**Problem description**
Your task is to set down the records below again, exactly.

**Records for the task**

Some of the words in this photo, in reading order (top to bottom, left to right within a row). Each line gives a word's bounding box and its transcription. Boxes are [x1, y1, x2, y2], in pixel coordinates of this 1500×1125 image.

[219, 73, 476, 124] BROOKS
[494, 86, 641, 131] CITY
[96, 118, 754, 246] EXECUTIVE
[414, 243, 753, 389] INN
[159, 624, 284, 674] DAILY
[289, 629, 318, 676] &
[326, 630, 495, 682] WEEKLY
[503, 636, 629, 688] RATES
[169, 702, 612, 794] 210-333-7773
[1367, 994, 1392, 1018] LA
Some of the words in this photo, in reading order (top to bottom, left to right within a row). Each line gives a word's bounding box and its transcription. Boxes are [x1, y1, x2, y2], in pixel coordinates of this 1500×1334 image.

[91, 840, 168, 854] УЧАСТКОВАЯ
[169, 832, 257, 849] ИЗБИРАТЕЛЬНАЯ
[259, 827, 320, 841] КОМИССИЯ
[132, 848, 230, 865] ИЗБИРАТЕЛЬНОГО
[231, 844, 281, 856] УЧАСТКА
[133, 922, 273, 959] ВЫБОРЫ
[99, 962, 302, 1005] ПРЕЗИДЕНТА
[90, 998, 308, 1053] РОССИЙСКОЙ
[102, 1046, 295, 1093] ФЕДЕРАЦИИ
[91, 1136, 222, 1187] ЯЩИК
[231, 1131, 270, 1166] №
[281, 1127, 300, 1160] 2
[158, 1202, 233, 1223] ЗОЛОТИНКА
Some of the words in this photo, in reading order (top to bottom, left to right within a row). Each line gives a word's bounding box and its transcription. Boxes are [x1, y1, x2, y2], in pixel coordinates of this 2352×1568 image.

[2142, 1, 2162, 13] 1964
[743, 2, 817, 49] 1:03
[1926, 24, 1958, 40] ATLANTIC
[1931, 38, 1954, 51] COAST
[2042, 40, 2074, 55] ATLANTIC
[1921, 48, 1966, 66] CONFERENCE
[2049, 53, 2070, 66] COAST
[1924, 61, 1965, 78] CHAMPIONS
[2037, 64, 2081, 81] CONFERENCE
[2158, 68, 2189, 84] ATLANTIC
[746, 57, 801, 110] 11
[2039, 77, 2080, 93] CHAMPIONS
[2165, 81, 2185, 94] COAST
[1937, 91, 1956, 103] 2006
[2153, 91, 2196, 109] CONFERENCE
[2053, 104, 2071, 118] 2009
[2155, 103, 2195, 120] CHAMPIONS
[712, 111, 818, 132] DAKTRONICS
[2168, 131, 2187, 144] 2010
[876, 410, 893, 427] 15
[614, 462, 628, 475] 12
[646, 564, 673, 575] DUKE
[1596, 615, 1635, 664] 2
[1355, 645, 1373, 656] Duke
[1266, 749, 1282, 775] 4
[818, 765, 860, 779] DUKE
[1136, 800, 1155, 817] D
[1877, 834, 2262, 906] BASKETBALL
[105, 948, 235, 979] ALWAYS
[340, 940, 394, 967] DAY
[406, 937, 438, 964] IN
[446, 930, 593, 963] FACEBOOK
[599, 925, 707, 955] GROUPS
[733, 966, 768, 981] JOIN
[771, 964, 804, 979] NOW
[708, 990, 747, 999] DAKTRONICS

**Solution to this problem**
Some of the words in this photo, in reading order (top to bottom, left to right within a row). Each line gives a word's bounding box and its transcription. Boxes are [x1, y1, x2, y2], in pixel coordinates of this 1500×1125 image.

[219, 73, 476, 124] BROOKS
[494, 86, 641, 131] CITY
[96, 118, 754, 246] EXECUTIVE
[414, 243, 753, 389] INN
[159, 624, 284, 674] DAILY
[289, 629, 318, 676] &
[326, 630, 495, 682] WEEKLY
[503, 636, 629, 688] RATES
[169, 702, 612, 794] 210-333-7773
[1367, 994, 1392, 1018] LA
Some of the words in this photo, in reading order (top to bottom, left to right within a row). Each line gives a word's bounding box and its transcription. Boxes are [x1, y1, x2, y2], in pixel coordinates of this 1500×1334 image.

[91, 840, 168, 854] УЧАСТКОВАЯ
[169, 832, 257, 849] ИЗБИРАТЕЛЬНАЯ
[259, 827, 320, 841] КОМИССИЯ
[132, 848, 230, 865] ИЗБИРАТЕЛЬНОГО
[231, 844, 281, 856] УЧАСТКА
[133, 922, 273, 959] ВЫБОРЫ
[99, 962, 302, 1005] ПРЕЗИДЕНТА
[90, 998, 308, 1053] РОССИЙСКОЙ
[102, 1046, 295, 1093] ФЕДЕРАЦИИ
[91, 1136, 222, 1187] ЯЩИК
[231, 1131, 270, 1166] №
[281, 1127, 300, 1160] 2
[158, 1202, 233, 1223] ЗОЛОТИНКА
Some of the words in this photo, in reading order (top to bottom, left to right within a row). Each line gives a word's bounding box and its transcription. Boxes are [x1, y1, x2, y2], in pixel coordinates of this 2352×1568 image.

[2142, 1, 2162, 13] 1964
[743, 2, 817, 49] 1:03
[1926, 24, 1958, 40] ATLANTIC
[1931, 38, 1954, 51] COAST
[2042, 40, 2074, 55] ATLANTIC
[1921, 48, 1966, 66] CONFERENCE
[2049, 53, 2070, 66] COAST
[1924, 61, 1965, 78] CHAMPIONS
[2037, 64, 2081, 81] CONFERENCE
[2158, 68, 2189, 84] ATLANTIC
[746, 57, 801, 110] 11
[2039, 77, 2080, 93] CHAMPIONS
[2165, 81, 2185, 94] COAST
[1937, 91, 1956, 103] 2006
[2153, 91, 2196, 109] CONFERENCE
[2053, 104, 2071, 118] 2009
[2155, 103, 2195, 120] CHAMPIONS
[712, 111, 818, 132] DAKTRONICS
[2168, 131, 2187, 144] 2010
[876, 410, 893, 427] 15
[614, 462, 628, 475] 12
[646, 564, 673, 575] DUKE
[1596, 615, 1635, 664] 2
[1355, 645, 1373, 656] Duke
[1266, 749, 1282, 775] 4
[818, 765, 860, 779] DUKE
[1136, 800, 1155, 817] D
[1877, 834, 2262, 906] BASKETBALL
[105, 948, 235, 979] ALWAYS
[340, 940, 394, 967] DAY
[406, 937, 438, 964] IN
[446, 930, 593, 963] FACEBOOK
[599, 925, 707, 955] GROUPS
[733, 966, 768, 981] JOIN
[771, 964, 804, 979] NOW
[708, 990, 747, 999] DAKTRONICS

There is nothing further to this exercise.